Published 15.02.2021

Was eine neue Stadt alles braucht –
und wie man sie trotzdem bauen kann

Erfahrungen aus der aspern Seestadt in Wien

What Is Needed in a New City – and How You Can Build It

Experiences From aspern Seestadt in Vienna 

Keywords: aspern Seestadt; neuer Stadtteil; new town; mixed usage

Abstract:

Ein dünn besiedeltes Gebiet, nur 30 Minuten vom Stadtzentrum entfernt, bekommt ein neues Zentrum mit über 25.000 Bewohner:innen und bis zu 20.000 Arbeitsplätzen. Um hier für die Bewohner:innen und Nutzer:innen alles zu bieten, was die moderne Stadt so erfolgreich macht, mussten neue Strategien und Methoden entwickelt werden. Aspern Seestadt hat das geleistet und für die Entwicklungsgebiete im Umfeld dieses Zentrums ein Vorbild geschaffen. Nun heißt es, Schlüsse zu ziehen, sich einzufügen und neue Prinzipien und Standards zu entwickeln. Der Beitrag schildert die Faktoren, die zu dieser Entwicklung geführt haben, die gewählten Herangehensweisen und die Schlussfolgerung, die man heute für die weiteren Entwicklungen in diesem Gebiet und darüber hinaus ableiten kann.

A sparsely populated area, only 30 minutes from the city center, is getting a new center with over 25,000 residents and up to 20,000 jobs. In order to offer the residents and users everything that makes the modern city so successful, new strategies and methods had to be developed. Aspern Seestadt has achieved this and created a model for the development areas in the vicinity of this center. Now it is time to draw conclusions, adapt and develop new principles and standards. The article describes the factors that have led to this development, the approaches chosen and the conclusions that can be drawn today for further developments in this area and beyond.

Wien als wachsende Stadt – Zielgebiet U2 Donaustadt

Jahrzehntelang stagnierte die Wohnbevölkerung Wiens bzw. schrumpfte sogar leicht.
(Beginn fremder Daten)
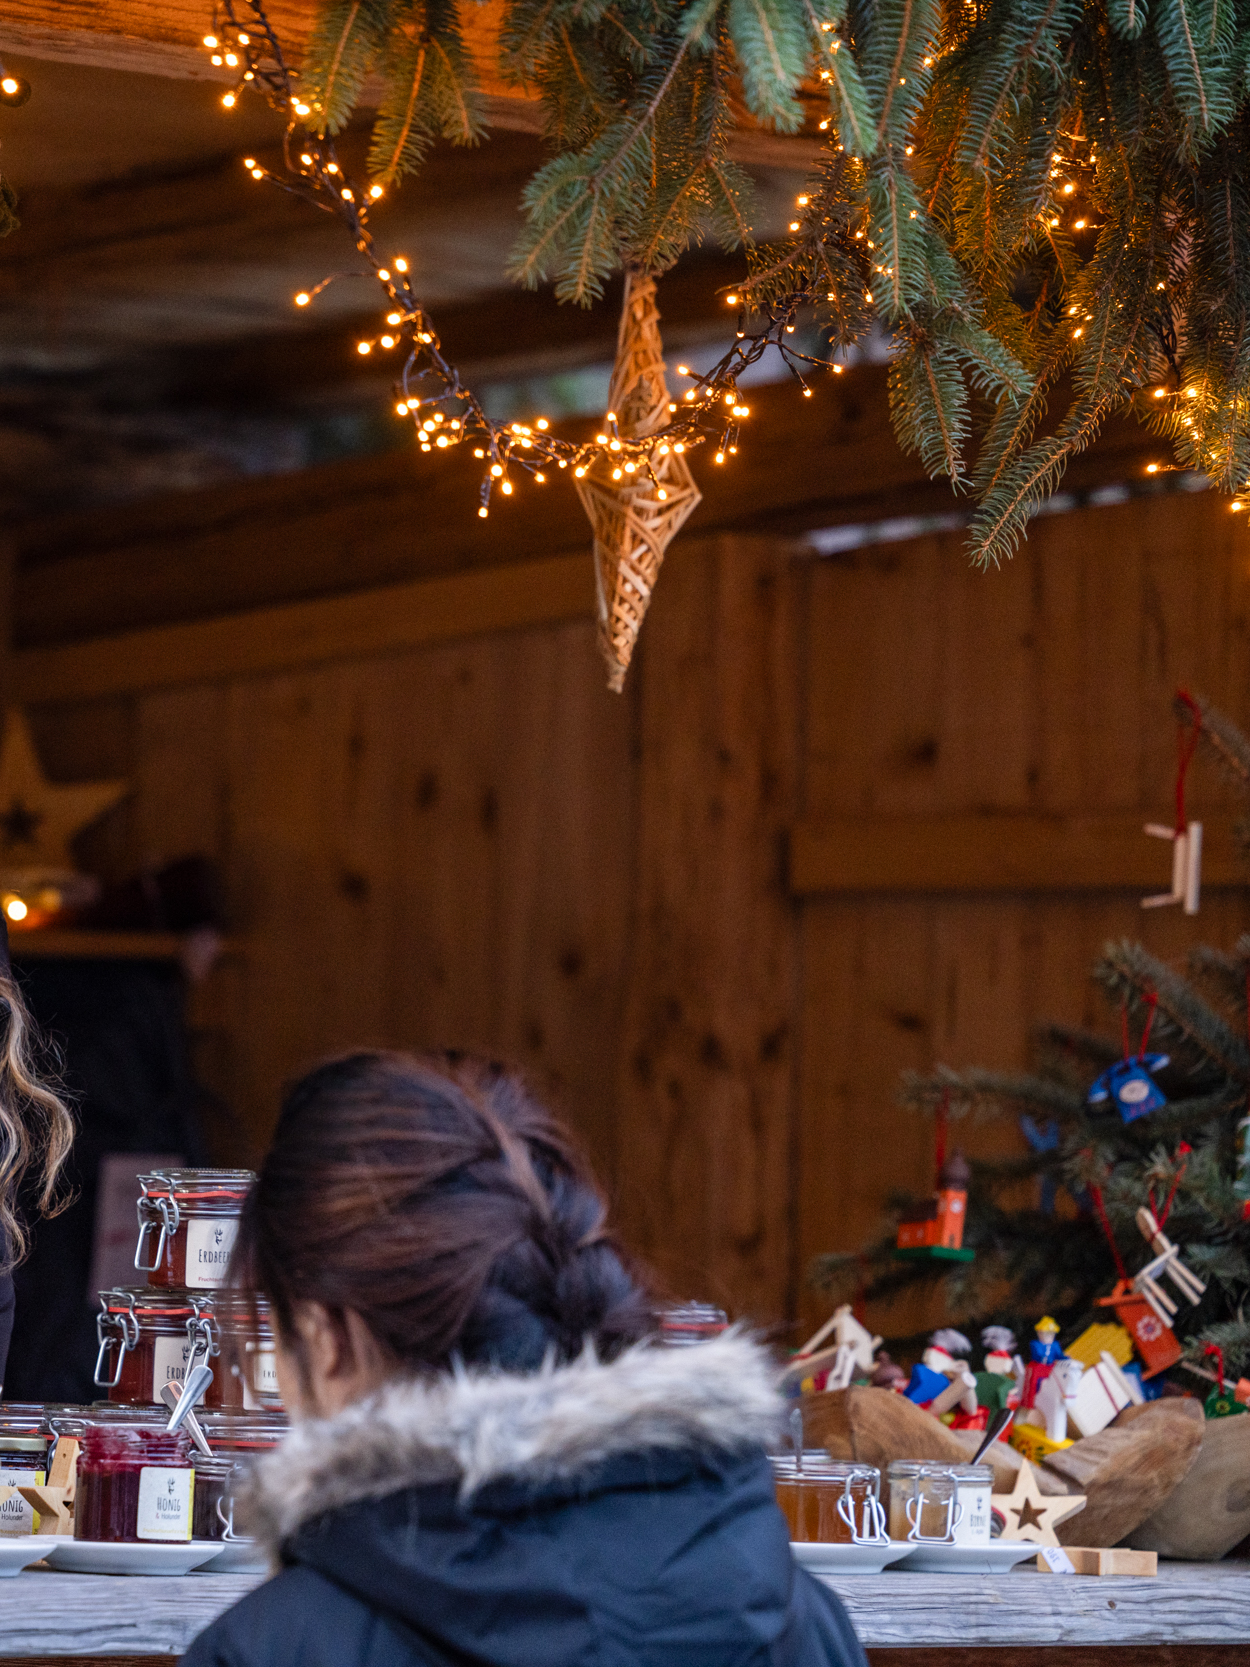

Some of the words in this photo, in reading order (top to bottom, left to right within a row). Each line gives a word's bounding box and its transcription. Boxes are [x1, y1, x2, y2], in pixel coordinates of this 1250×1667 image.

Doch mit dem Wegfall des Eisernen Vorhangs und vor allem seit dem Beginn der EU-­Osterweiterung im Jahr 2004 verzeichnete Wien einen deutlichen Wachstumsschub. ­Hatte Wien um 1990 rund 1,5 Millionen Einwohner:innen, so sind es jetzt rund 1,9 ­Millionen (Stadt Wien 2019: 62). Die Stadt erkannte diesen Trend früh und sorgte vor: So er­warben stadteigene Immobiliengesellschaften unter anderem einen großen Teil des ehe­maligen Asperner Flugfeldes. Nachdem ein erster Masterplan für diese Fläche mit einer Er­schließung nur über die S-Bahn verworfen wurde, fielen letztlich im Jahr 2003, als die EU-­Erweiterung vor der Tür stand, wesentliche Schlüsselentscheidungen: Die U-Bahn-Linie U2 über die Donau nach Aspern zu verlängern, eine eigene Entwicklungsgesellschaft zu gründen und einen neuen Masterplanprozess zu starten.
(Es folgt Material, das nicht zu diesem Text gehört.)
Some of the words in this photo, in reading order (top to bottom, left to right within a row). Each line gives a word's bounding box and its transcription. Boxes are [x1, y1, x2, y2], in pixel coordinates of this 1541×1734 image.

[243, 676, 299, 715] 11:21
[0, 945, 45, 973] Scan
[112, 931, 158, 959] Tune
Im Jahr 2005 wurde das gesamte Gebiet, das durch die U-Bahn-Verlängerung erschlossen wird, zum „Zielgebiet der Stadtentwicklung“ (Stadt Wien 2005: 216). Das ehemalige Flugfeld soll somit zum Zentrum eines Entwicklungsgebiets werden, das rund 1.100 ha groß ist und zu den bestehenden rund 26.000 Einwohner:innen (2013) bis 2030 voraussichtlich 60.000 zusätzliche Einwohner:innen aufnehmen wird – und zusätzlich noch Flächen für weitere große Stadterweiterungsgebiete aufweist.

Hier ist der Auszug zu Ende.